Вероятно, ответ на этот вопрос (скрытый – почему же так?) упирается в проблему целостности национального эстетического сознания, связанного в основных своих координатах с народной культурой. Эта целостность содержит в себе все элементы воссоздаваемого мира, ибо только в этом случае реализует себя установка на поиск истины для народного сознания – захватить все, понять все, описать все. В силу этого – высокое и низкое, приемлемое для всех и неприемлемое для большинства, историческое и бытовое, ужасное и прекрасное и пр. – попадают в универсальную систему эстетического воссоздания бытия, в которой, по сути дела, нет абсолютного преимущества одного начала над другим. Поэтому невозможны и непродуктивны попытки выстроить систему эстетических категорий, имеющих отношение к народному эстетическому сознанию, по принципу оппозиций – это противоречит его сущности.
В русской национальной традиции через смех восстанавливалась утраченная человеком связь с бытием во всей ее полноте, обретался новый смысл в «обессмысленном», казалось, существовании, даровалась радость жизни. – «Нет, смех значительней и глубже, чем думают, – писал Гоголь. – Не тот смех, который порождается временной раздражительностью, желчным, болезненным расположением характера; не тот также легкий смех, служащий для праздного развлеченья и забавы людей, – но тот смех, который весь излетает из светлой природы человека, излетает из нее потому, что на дне ее заключен вечно бьющий родник его, который углубляет предмет, заставляет выступить ярко то, что проскользнуло бы, без проницающей силы которого мелочь и пустота жизни не испугала бы так человека… Многое бы возмутило человека, было представлено в наготе своей; но, озаренное силою смеха, несет оно уже примиренье в душу» [20, 257].

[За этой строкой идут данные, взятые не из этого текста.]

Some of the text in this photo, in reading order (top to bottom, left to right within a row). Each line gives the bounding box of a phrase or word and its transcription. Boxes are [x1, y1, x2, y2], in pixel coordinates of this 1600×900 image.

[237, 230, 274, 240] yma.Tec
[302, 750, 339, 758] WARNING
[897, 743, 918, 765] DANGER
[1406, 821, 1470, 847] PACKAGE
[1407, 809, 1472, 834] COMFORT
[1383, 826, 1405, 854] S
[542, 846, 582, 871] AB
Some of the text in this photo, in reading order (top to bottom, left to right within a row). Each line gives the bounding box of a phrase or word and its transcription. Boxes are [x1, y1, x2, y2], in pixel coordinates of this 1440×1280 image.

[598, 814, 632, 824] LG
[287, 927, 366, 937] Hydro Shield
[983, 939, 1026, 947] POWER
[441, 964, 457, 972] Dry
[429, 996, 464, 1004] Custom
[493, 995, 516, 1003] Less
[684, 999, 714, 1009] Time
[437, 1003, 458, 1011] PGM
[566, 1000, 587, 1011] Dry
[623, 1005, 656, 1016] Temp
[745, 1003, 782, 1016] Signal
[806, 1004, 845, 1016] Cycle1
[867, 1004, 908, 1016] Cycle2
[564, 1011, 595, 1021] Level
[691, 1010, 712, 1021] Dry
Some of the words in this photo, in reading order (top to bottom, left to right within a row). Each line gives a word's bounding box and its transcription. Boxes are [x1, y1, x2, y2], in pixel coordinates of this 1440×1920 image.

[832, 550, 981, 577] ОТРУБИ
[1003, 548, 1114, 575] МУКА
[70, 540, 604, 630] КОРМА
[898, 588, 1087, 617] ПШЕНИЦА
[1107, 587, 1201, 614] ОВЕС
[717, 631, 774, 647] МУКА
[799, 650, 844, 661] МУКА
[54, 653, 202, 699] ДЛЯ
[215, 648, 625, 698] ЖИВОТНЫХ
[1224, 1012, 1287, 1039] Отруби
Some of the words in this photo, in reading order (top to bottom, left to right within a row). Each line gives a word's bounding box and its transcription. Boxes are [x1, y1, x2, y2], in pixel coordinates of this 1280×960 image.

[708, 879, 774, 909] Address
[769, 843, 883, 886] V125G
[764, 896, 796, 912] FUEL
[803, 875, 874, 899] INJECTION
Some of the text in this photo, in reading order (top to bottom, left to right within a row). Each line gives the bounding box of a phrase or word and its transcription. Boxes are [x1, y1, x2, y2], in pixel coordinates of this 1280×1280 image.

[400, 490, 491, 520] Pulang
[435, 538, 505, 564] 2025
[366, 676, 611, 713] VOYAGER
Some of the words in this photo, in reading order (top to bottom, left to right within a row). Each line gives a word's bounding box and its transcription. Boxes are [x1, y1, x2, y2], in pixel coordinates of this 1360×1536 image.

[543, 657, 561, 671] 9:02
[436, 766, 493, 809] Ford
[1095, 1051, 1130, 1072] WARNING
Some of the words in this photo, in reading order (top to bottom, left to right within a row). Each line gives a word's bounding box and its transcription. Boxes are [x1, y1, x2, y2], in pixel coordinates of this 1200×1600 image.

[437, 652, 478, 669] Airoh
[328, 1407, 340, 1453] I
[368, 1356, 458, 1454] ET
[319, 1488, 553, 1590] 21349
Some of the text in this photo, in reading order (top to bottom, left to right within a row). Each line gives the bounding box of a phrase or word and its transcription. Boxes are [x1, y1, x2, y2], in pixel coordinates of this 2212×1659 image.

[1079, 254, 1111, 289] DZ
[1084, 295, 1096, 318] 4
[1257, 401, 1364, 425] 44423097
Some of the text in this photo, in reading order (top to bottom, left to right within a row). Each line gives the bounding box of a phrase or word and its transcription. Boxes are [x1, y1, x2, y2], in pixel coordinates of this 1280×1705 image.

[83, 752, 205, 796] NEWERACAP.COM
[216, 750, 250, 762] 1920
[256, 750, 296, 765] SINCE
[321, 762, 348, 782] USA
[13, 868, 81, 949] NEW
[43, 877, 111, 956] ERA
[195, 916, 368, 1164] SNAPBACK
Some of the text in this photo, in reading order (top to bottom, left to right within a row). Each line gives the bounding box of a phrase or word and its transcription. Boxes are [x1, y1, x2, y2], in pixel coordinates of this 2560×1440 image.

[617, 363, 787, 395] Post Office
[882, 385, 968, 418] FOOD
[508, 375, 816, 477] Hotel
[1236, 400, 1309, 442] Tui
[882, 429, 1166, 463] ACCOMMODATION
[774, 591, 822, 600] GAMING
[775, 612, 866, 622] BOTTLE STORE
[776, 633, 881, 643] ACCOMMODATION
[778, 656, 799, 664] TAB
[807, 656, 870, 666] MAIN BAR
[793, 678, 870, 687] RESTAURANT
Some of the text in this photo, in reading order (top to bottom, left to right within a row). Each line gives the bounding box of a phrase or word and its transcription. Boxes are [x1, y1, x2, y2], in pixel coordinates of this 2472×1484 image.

Обратимся теперь к живой ткани шолоховских произведений, попытаемся понять, по каким реальным художественным законам происходит в них осуществление категории комического.
* * *
Если всмотреться в такое далекое от жанра комедии произведение Шолохова, как «Они сражались за Родину», то нельзя не увидеть, что во многом оно представляет собой целую цепь юмористических рассказов героев романа. Это повествования Звягинцева, Лопахина, Копытовского, Некрасова, старшины Поприщенко. Причем, своеобразным катализатором смехового начала в произведении выступает Лопахин, который смело может быть назван комиком, смехачом, балагуром.
О балагурстве как «типично русской форме смеха» писал Д. Лихачев. Он отмечал существенные особенности эстетического поведения персонажа, принявшего на себя роль балагура, подчеркивал влияние этого героя на строй всего произведения: «Стремление к непрерывности характеризует не только «смеховую работу» балагура, но и автора смеховых произведений. Автор строит свое повествование как непрекращающееся опрокидывание в смеховой мир всего сущего, непрерывное смеховое дублирование происходящего, описываемого, рассказываемого. Создается «эстафета смеха» [11, 45].